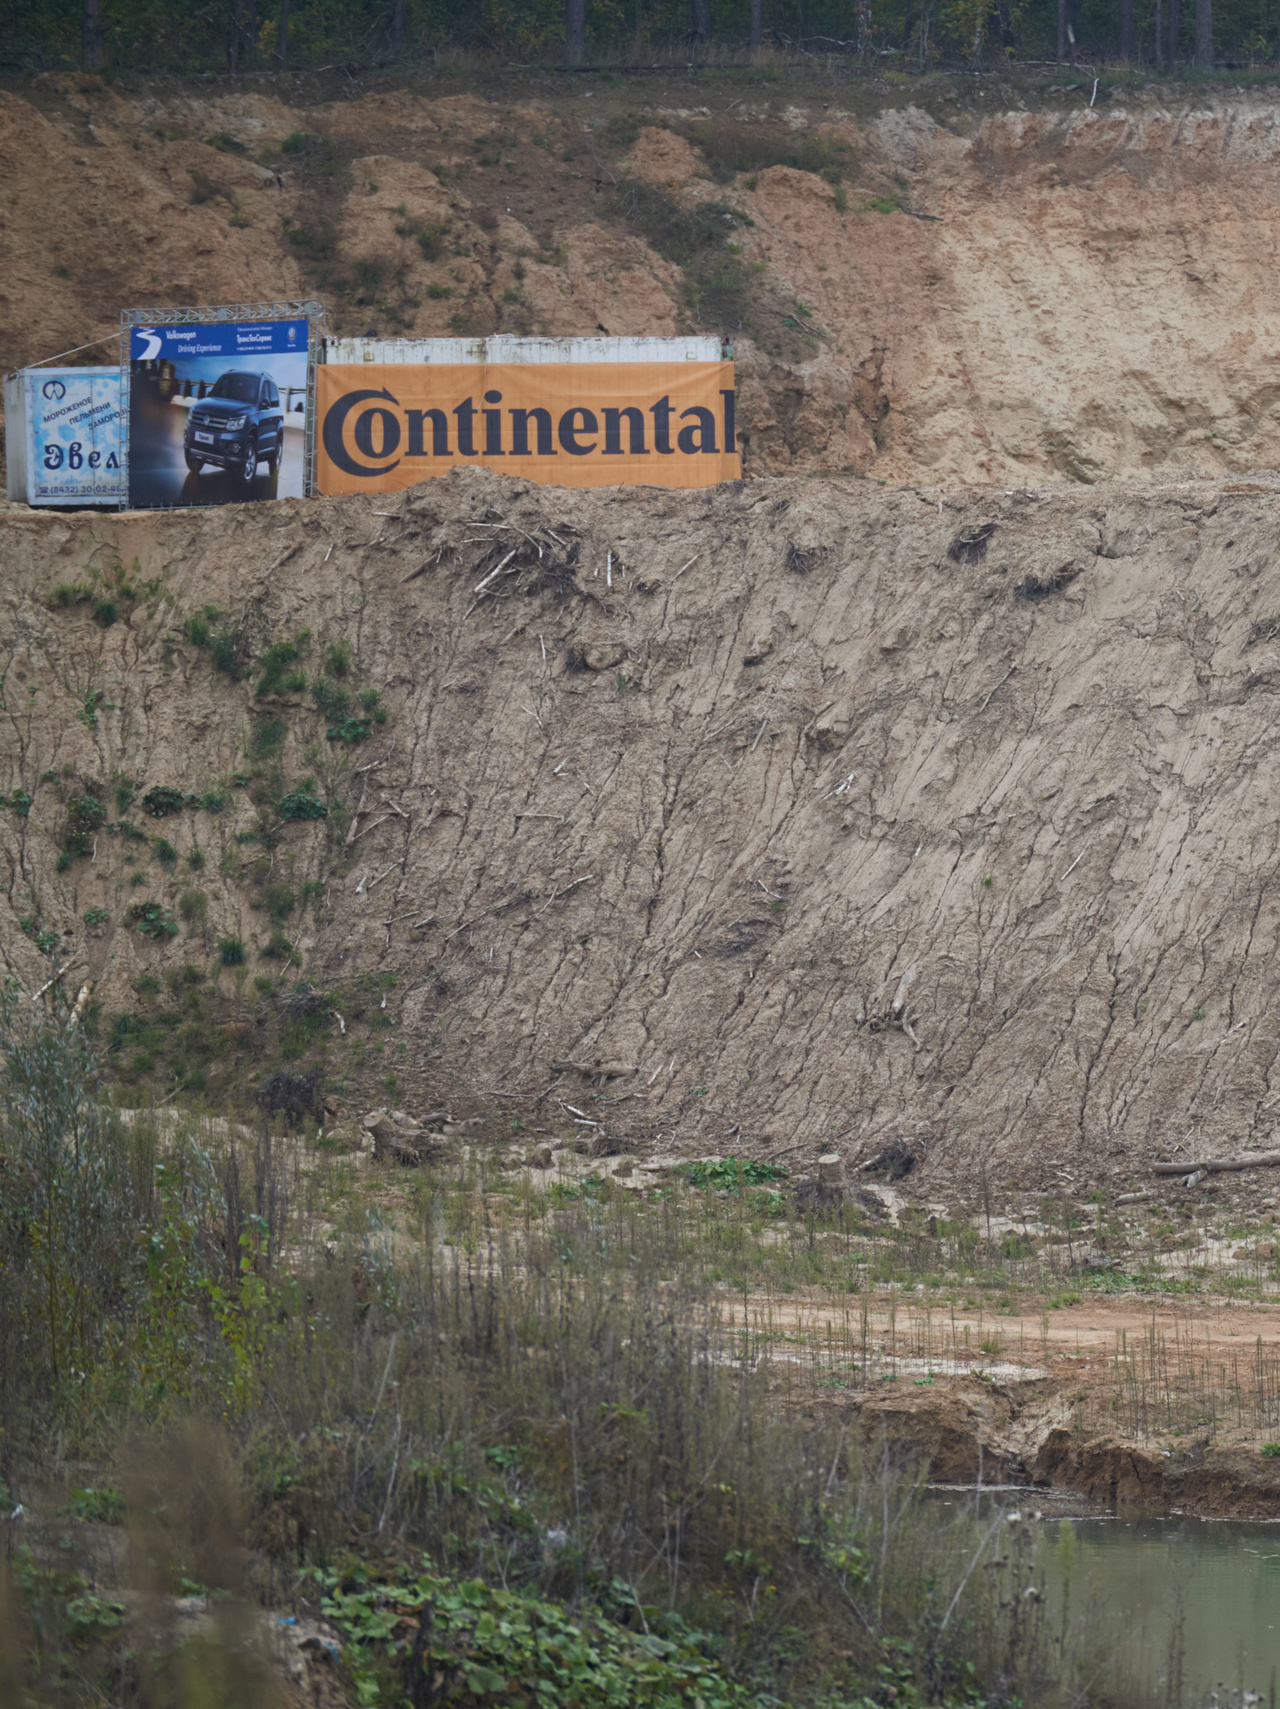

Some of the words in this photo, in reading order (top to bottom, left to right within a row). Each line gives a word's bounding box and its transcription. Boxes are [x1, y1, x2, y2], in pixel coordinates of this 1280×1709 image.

[165, 330, 197, 341] Volkswagen
[43, 397, 93, 423] МОРОЖЕНОЕ
[69, 402, 111, 425] ПЕЛЬМЕНИ
[322, 386, 738, 478] Continental
[51, 486, 79, 494] (8432)
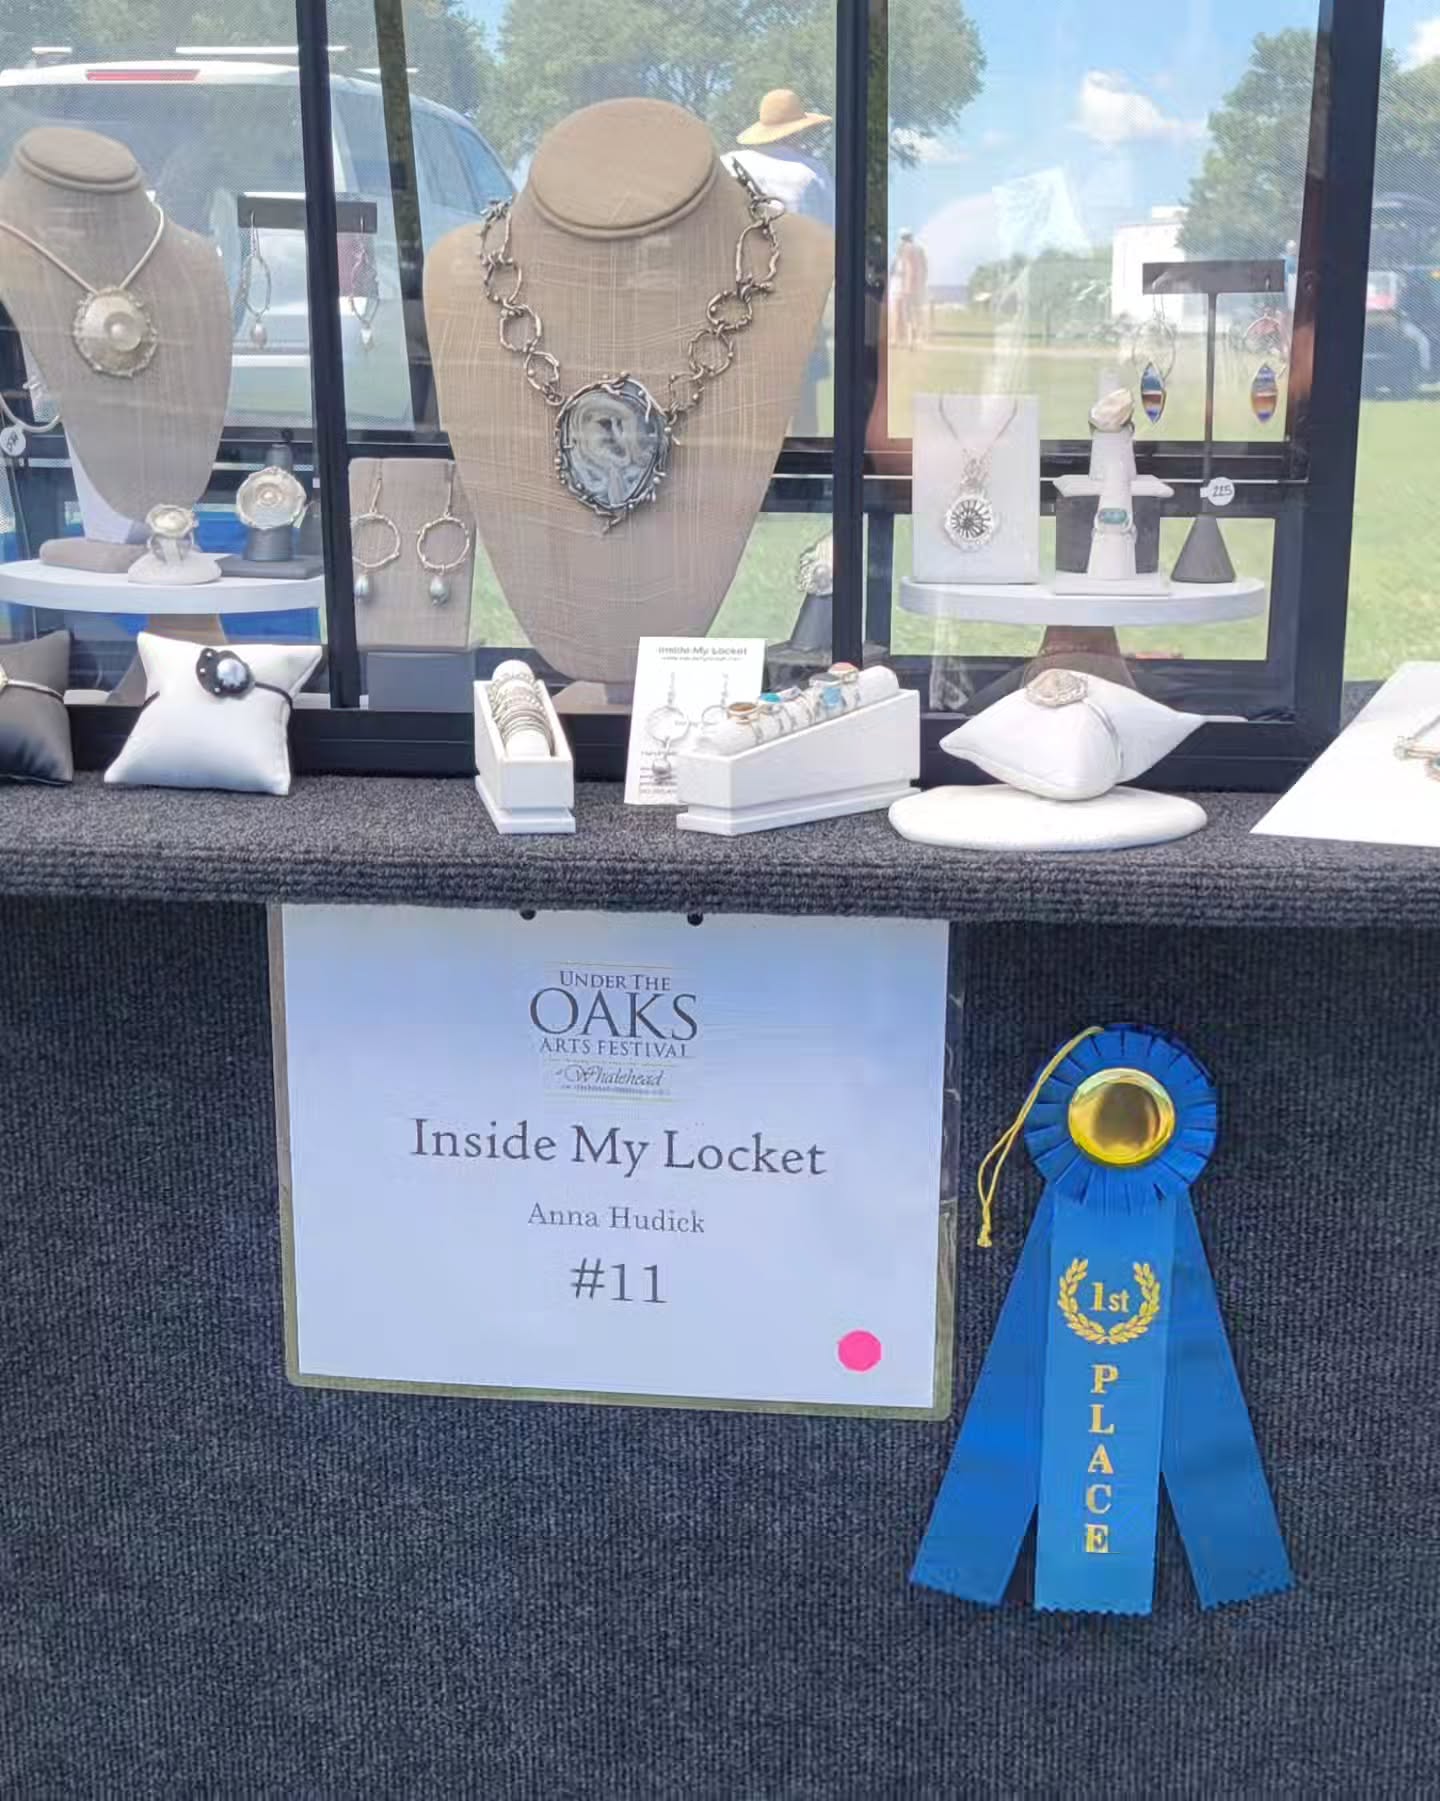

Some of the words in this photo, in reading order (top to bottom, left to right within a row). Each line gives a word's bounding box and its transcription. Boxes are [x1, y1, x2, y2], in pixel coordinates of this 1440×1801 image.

[560, 970, 626, 988] UNDER
[632, 974, 671, 990] THE
[529, 987, 698, 1041] OAKS
[540, 1038, 591, 1055] ARTS
[598, 1041, 689, 1058] FESTIVAL
[410, 1117, 557, 1161] Inside
[570, 1124, 650, 1178] My
[663, 1130, 828, 1175] Locket
[528, 1202, 600, 1227] Anna
[608, 1206, 705, 1234] Hudick
[570, 1257, 668, 1304] #11
[1089, 1282, 1131, 1313] 1st
[1085, 1364, 1119, 1553] PLACE
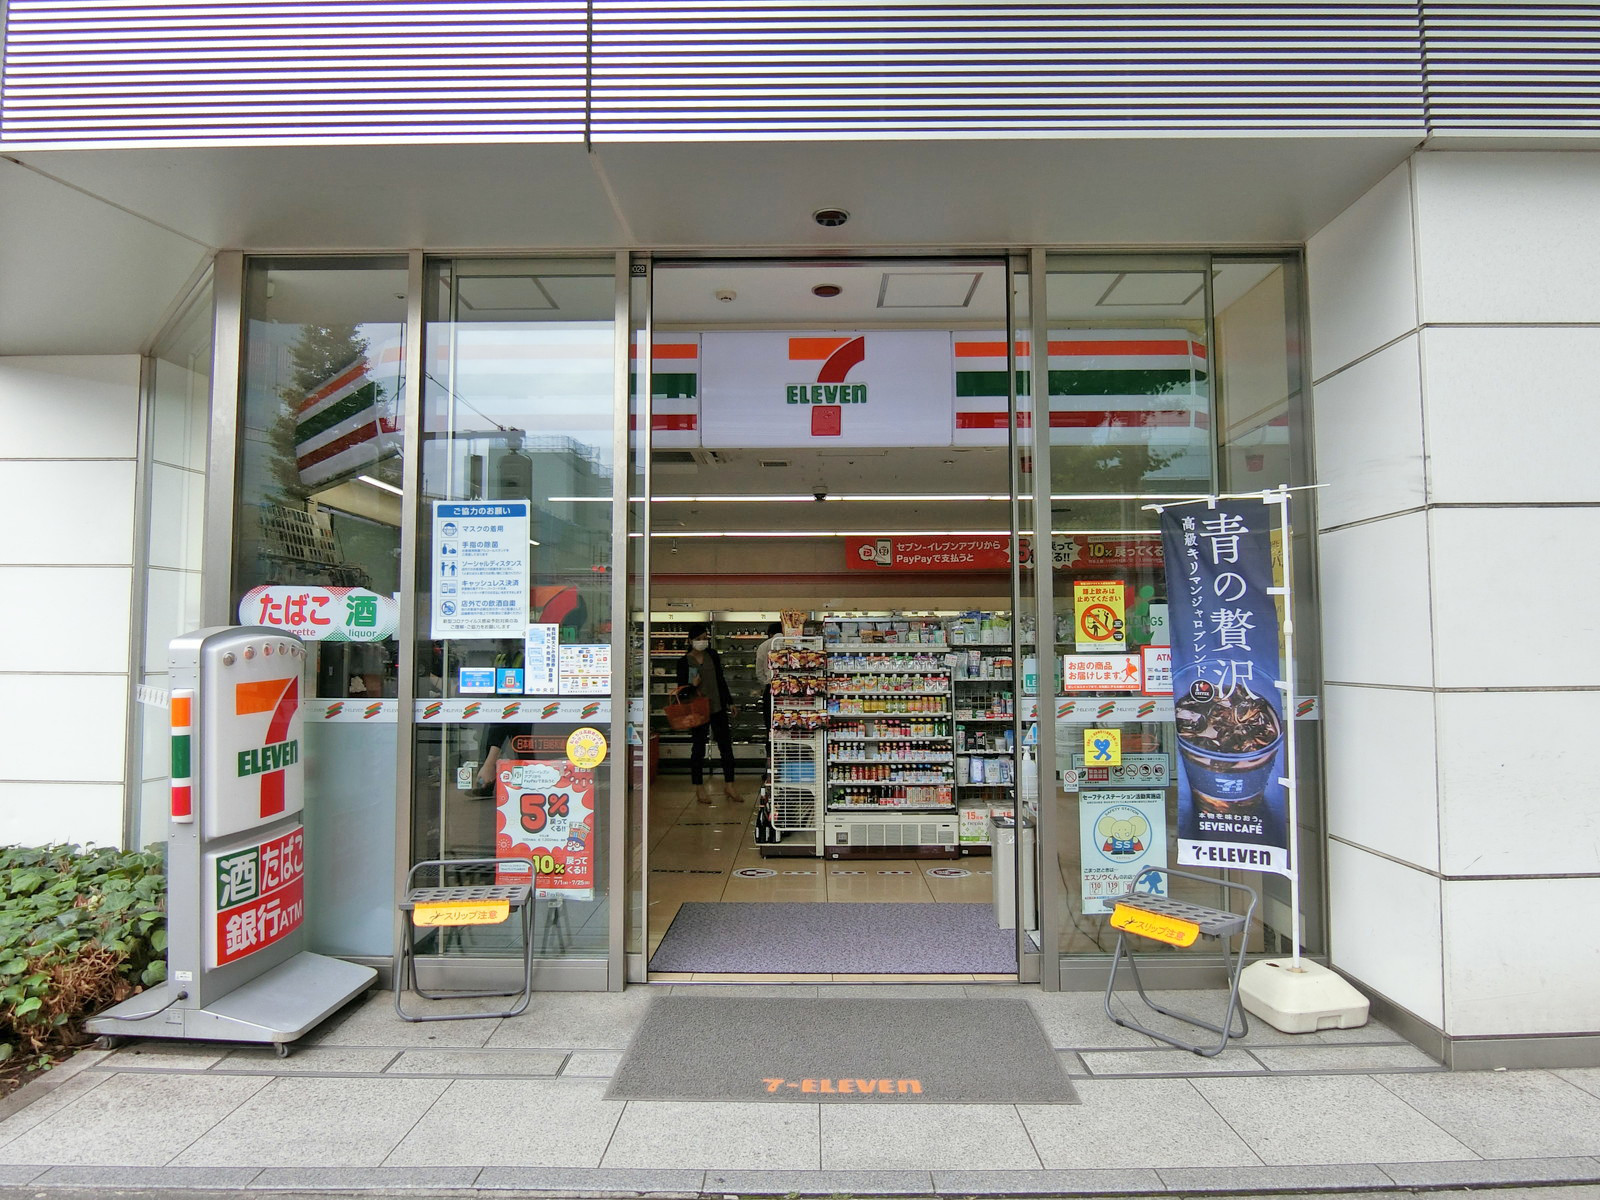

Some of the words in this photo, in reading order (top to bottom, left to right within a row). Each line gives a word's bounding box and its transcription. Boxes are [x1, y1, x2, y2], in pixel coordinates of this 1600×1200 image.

[789, 336, 865, 436] 7
[454, 507, 510, 516] ご協力のお願い
[896, 541, 1001, 551] セブン-イレブンアプリから
[896, 554, 974, 564] PayPayで支払うと
[1181, 516, 1206, 678] 高級キリマンジャロブレンド
[259, 593, 331, 626] たばこ
[346, 596, 378, 627] 酒
[1199, 513, 1259, 700] 青の贅沢
[349, 630, 376, 638] liquor
[1068, 662, 1112, 670] お店の商品
[1068, 672, 1122, 680] お届けします。
[236, 675, 298, 819] 7
[1105, 807, 1120, 816] SAFETY
[1122, 807, 1140, 816] STATION
[1198, 812, 1262, 823] 本物を味わおう。
[1200, 821, 1234, 832] SEVEN
[1234, 821, 1262, 834] CAFÉ
[1115, 840, 1130, 848] SS
[262, 835, 304, 891] たばこ
[566, 856, 588, 865] 戻って
[566, 866, 587, 874] くる!!
[220, 851, 258, 907] 酒
[444, 910, 498, 920] スリップ注意
[1136, 921, 1186, 942] スリップ注意

### What is required
The answer should match the material exactly, with every picture removed.

### Response to this task
Some of the words in this photo, in reading order (top to bottom, left to right within a row). Each line gives a word's bounding box and its transcription. Boxes are [x1, y1, x2, y2], in pixel coordinates of this 1280×1709 image.

[165, 330, 197, 341] Volkswagen
[43, 397, 93, 423] МОРОЖЕНОЕ
[69, 402, 111, 425] ПЕЛЬМЕНИ
[322, 386, 738, 478] Continental
[51, 486, 79, 494] (8432)

Some of the words in this photo, in reading order (top to bottom, left to right within a row). Each line gives a word's bounding box and its transcription. Boxes are [x1, y1, x2, y2], in pixel coordinates of this 1440×1801 image.

[560, 970, 626, 988] UNDER
[632, 974, 671, 990] THE
[529, 987, 698, 1041] OAKS
[540, 1038, 591, 1055] ARTS
[598, 1041, 689, 1058] FESTIVAL
[410, 1117, 557, 1161] Inside
[570, 1124, 650, 1178] My
[663, 1130, 828, 1175] Locket
[528, 1202, 600, 1227] Anna
[608, 1206, 705, 1234] Hudick
[570, 1257, 668, 1304] #11
[1089, 1282, 1131, 1313] 1st
[1085, 1364, 1119, 1553] PLACE

Some of the words in this photo, in reading order (top to bottom, left to right within a row). Each line gives a word's bounding box and its transcription. Boxes are [x1, y1, x2, y2], in pixel coordinates of this 1600×1200 image.

[789, 336, 865, 436] 7
[454, 507, 510, 516] ご協力のお願い
[896, 541, 1001, 551] セブン-イレブンアプリから
[896, 554, 974, 564] PayPayで支払うと
[1181, 516, 1206, 678] 高級キリマンジャロブレンド
[259, 593, 331, 626] たばこ
[346, 596, 378, 627] 酒
[1199, 513, 1259, 700] 青の贅沢
[349, 630, 376, 638] liquor
[1068, 662, 1112, 670] お店の商品
[1068, 672, 1122, 680] お届けします。
[236, 675, 298, 819] 7
[1105, 807, 1120, 816] SAFETY
[1122, 807, 1140, 816] STATION
[1198, 812, 1262, 823] 本物を味わおう。
[1200, 821, 1234, 832] SEVEN
[1234, 821, 1262, 834] CAFÉ
[1115, 840, 1130, 848] SS
[262, 835, 304, 891] たばこ
[566, 856, 588, 865] 戻って
[566, 866, 587, 874] くる!!
[220, 851, 258, 907] 酒
[444, 910, 498, 920] スリップ注意
[1136, 921, 1186, 942] スリップ注意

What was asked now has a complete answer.